Osman M. Abdullatif1; Mohamed Sitouah2

(1) Earth Sciences, KFUPM, Dhahran, Saudi Arabia.

(2) Earth Sciences, KFUPM, Dhahran, Saudi Arabia.

Understanding reservoir heterogeneity is essential for the assessing and the prediction of the reservoir properties and quality. This study investigates the prediction of the reservoir petrophysical properties of the Ordovician Upper Dibsiyah Member of the Wajid Sandstone in south west Saudi Arabia. The Artificial Neural Networks (ANNS) technique is used here to study the pattern recognition and correlation among the petrographic thin section data such as grain size, sorting, matrix % and cementation % and perophysical properties of the reservoir such as porosity, permeability and lithofacies.

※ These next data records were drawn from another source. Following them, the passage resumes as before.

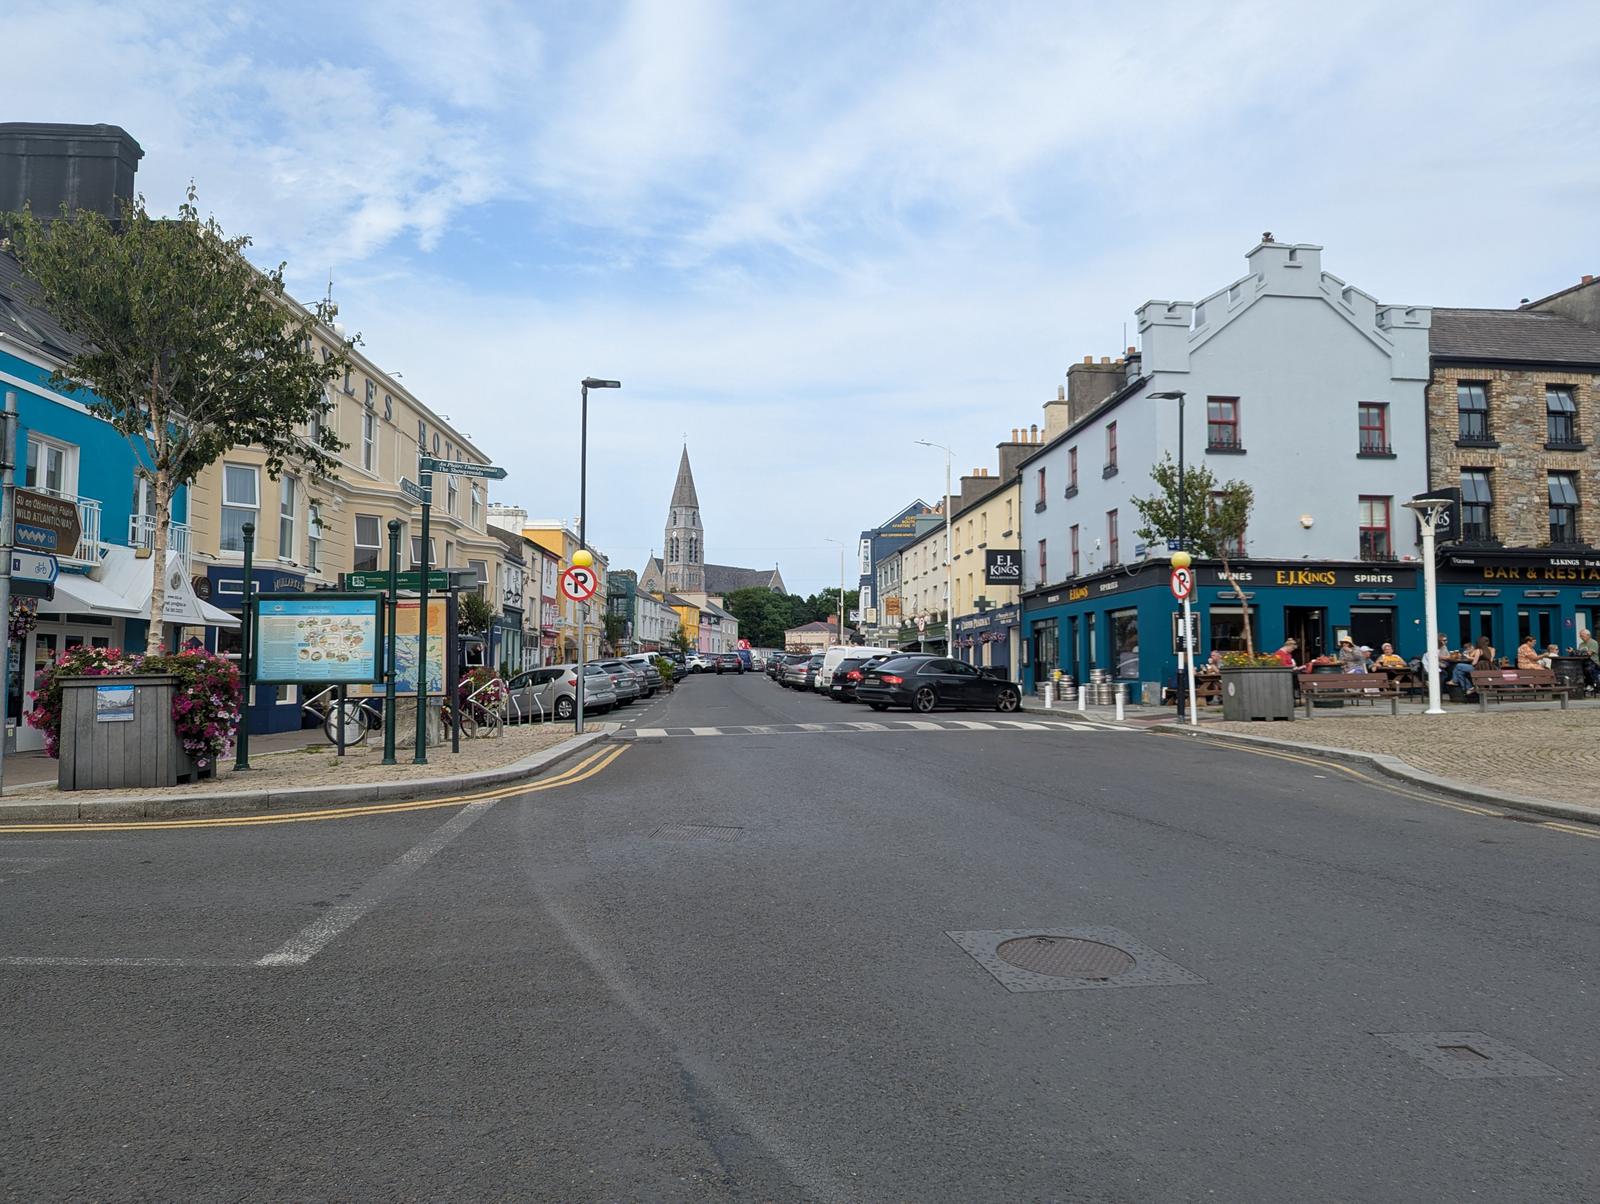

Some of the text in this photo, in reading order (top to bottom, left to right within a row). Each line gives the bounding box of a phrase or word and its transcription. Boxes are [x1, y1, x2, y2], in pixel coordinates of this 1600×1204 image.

[418, 419, 470, 464] HOTE
[450, 468, 484, 476] Showgrounds
[16, 508, 73, 530] WILD ATLANTIC WAY
[1217, 572, 1252, 581] WNES
[1354, 574, 1393, 583] SPIRITS
[1483, 566, 1520, 579] BAR
[1526, 567, 1537, 579] &
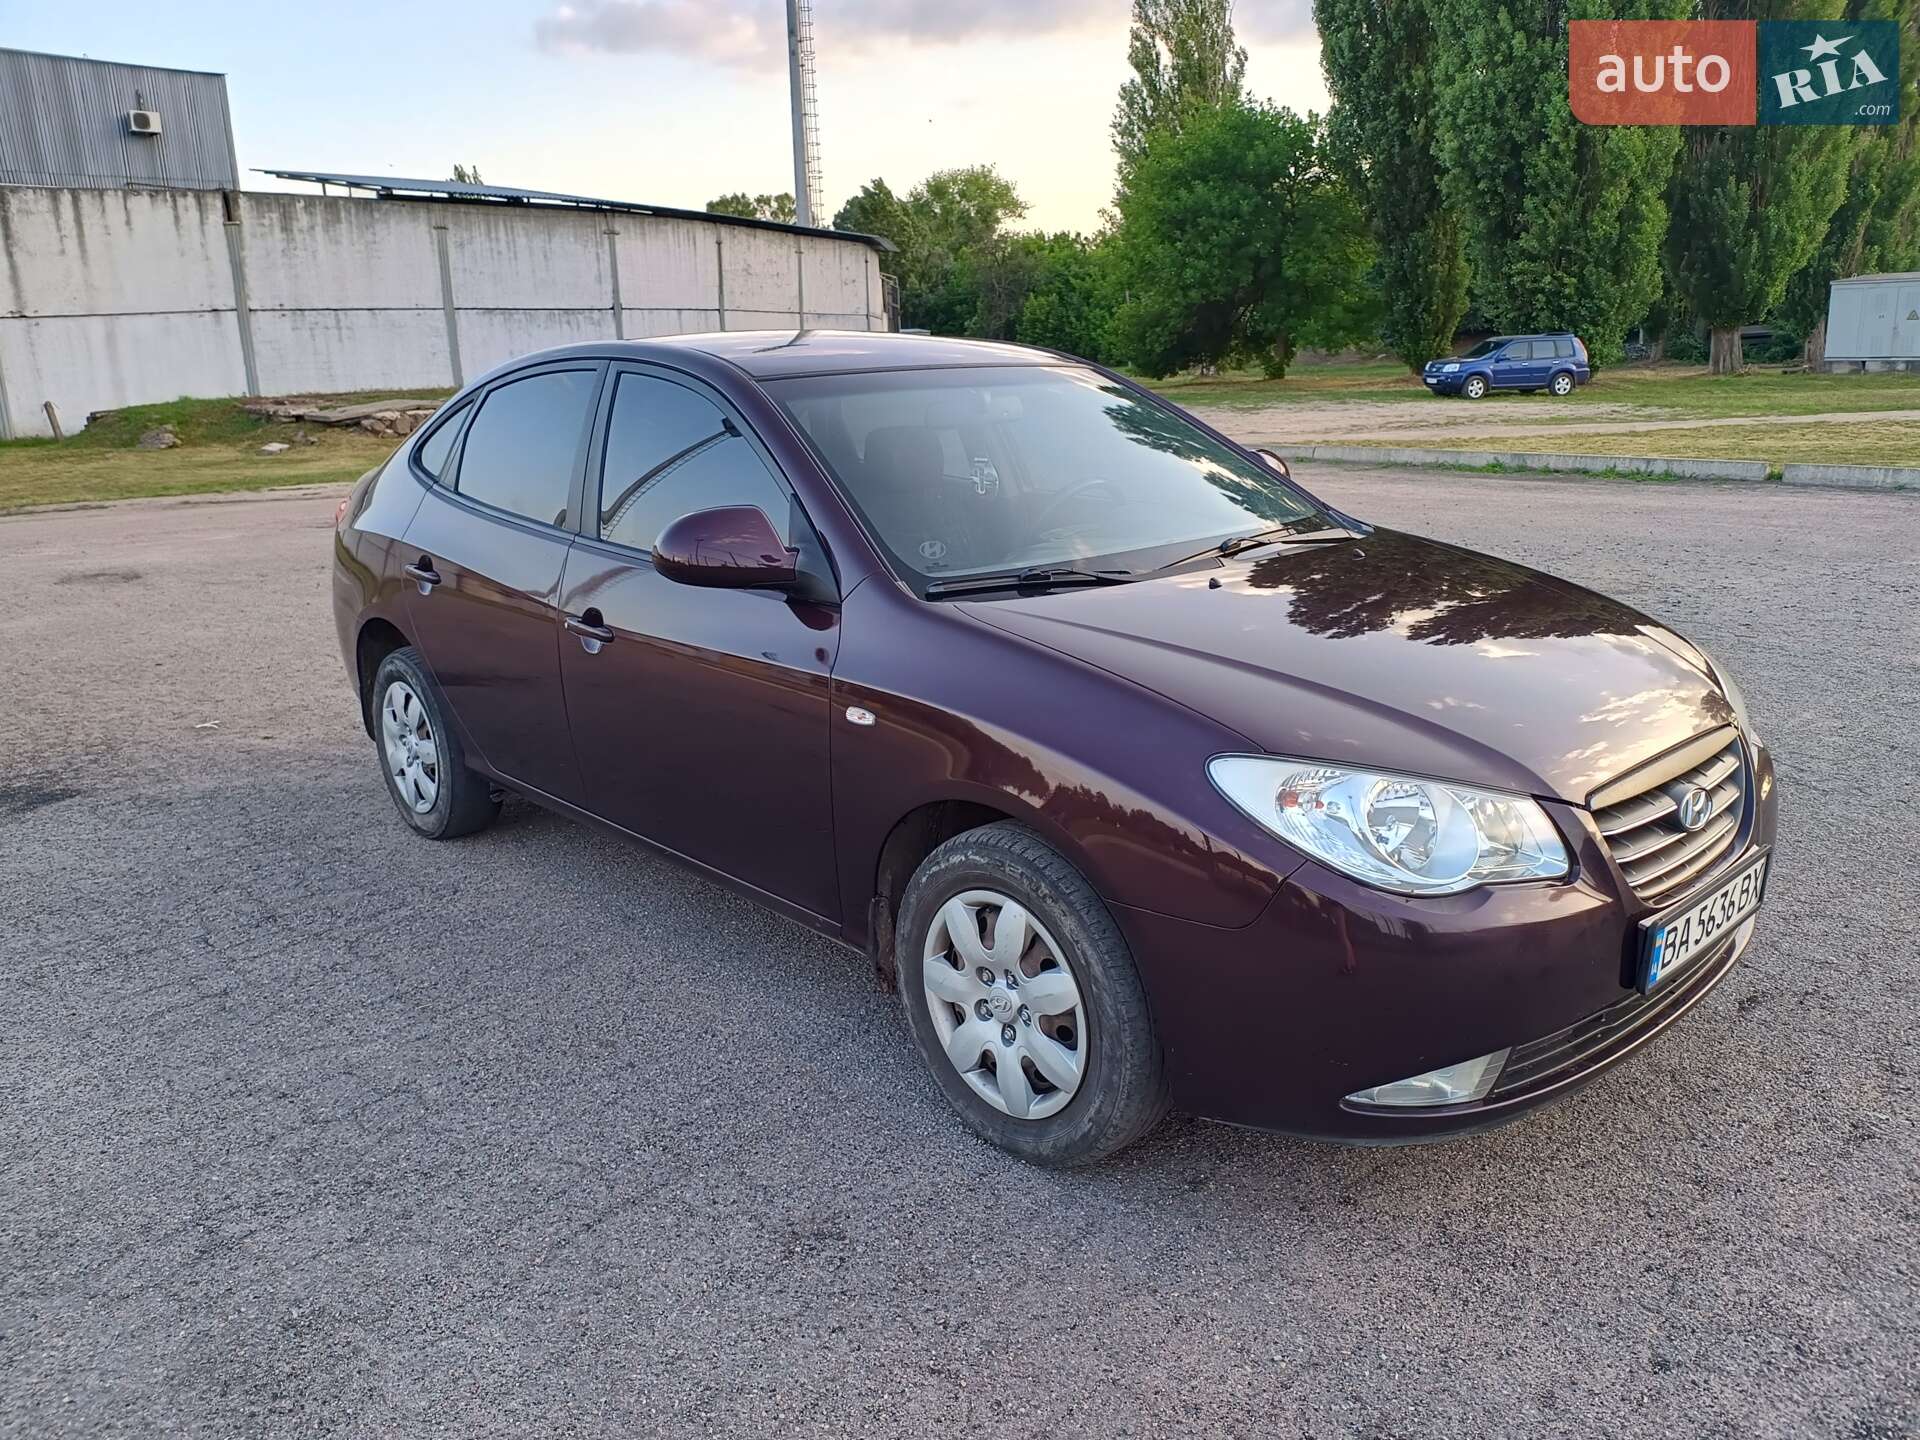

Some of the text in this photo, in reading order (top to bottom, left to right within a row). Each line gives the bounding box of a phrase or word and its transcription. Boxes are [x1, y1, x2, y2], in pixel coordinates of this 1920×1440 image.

[1660, 862, 1765, 970] BA 5636 BX
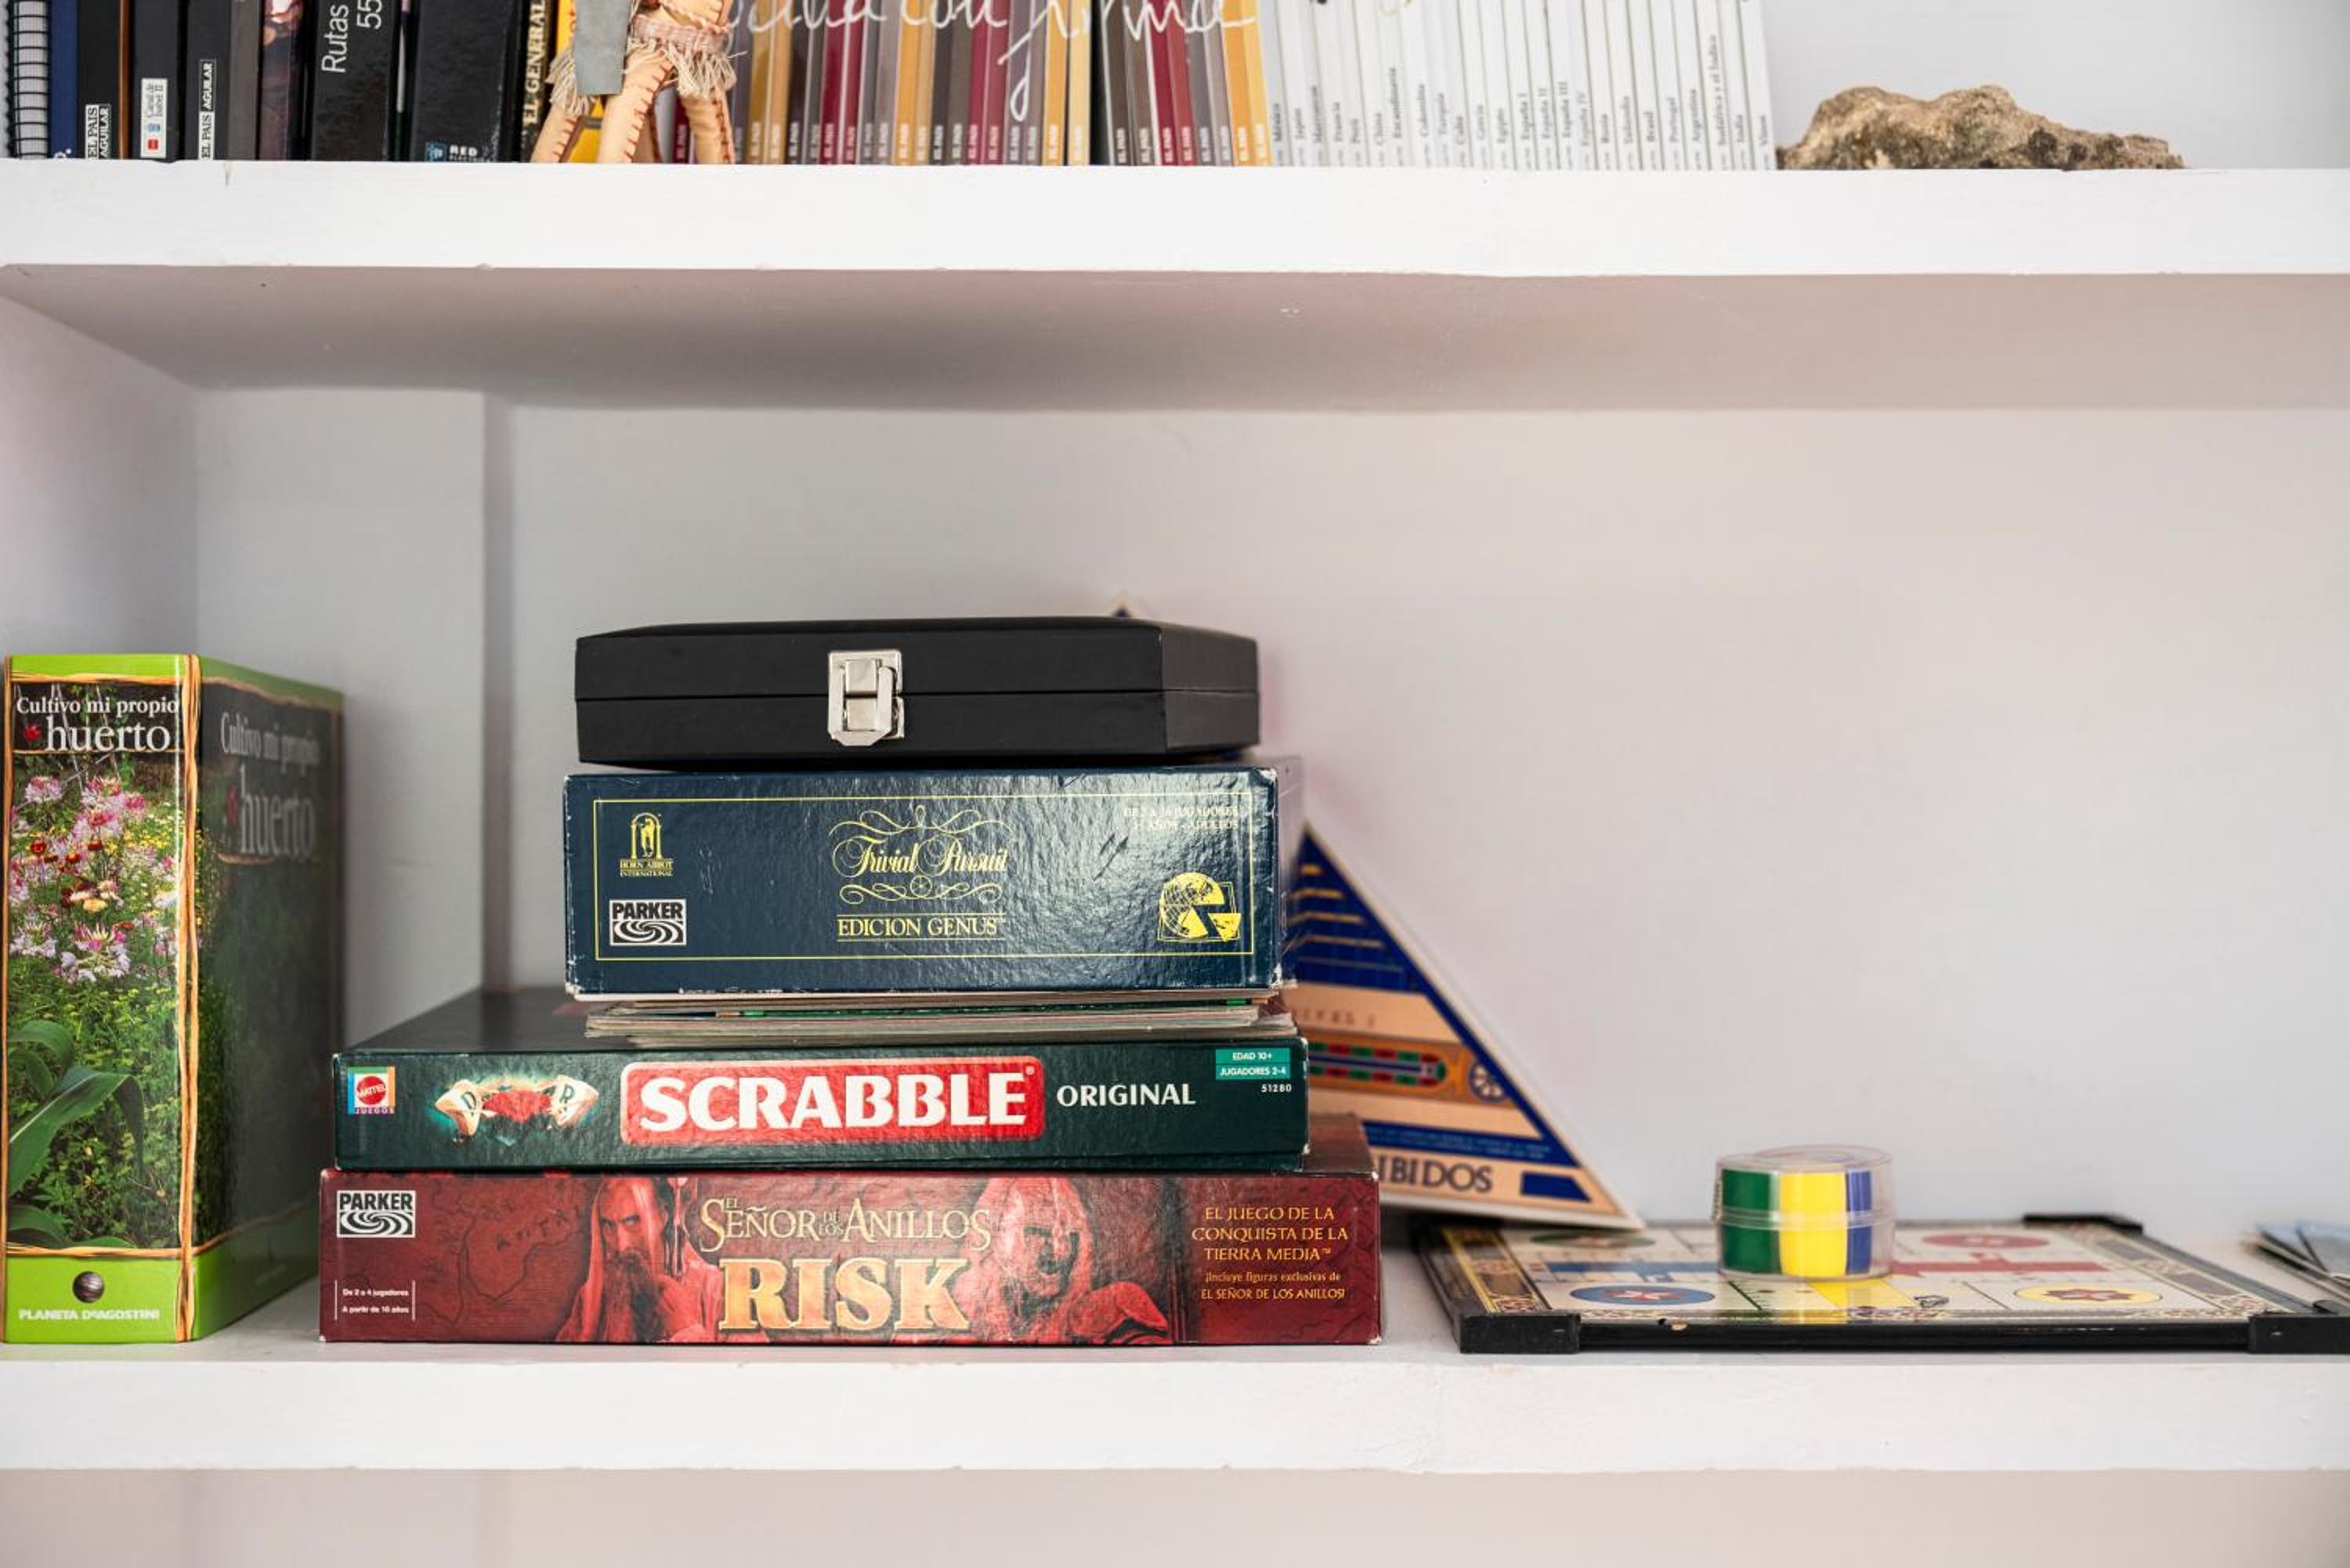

For this purpose, artificial intelligence techniques were designed and developed and these are the multilayer perception (MLP) and the general regression neural network (GRNN). The good agreement between core data and precdicted values by neural netwoks demonstrate a successful implementation and validation of the network’s ability to map a complex non-linear relationship between petrographic data, permeability and porosity. The GRNN technique provides better prediction of the reservoir properties than that obtained from the use of the MLP technique.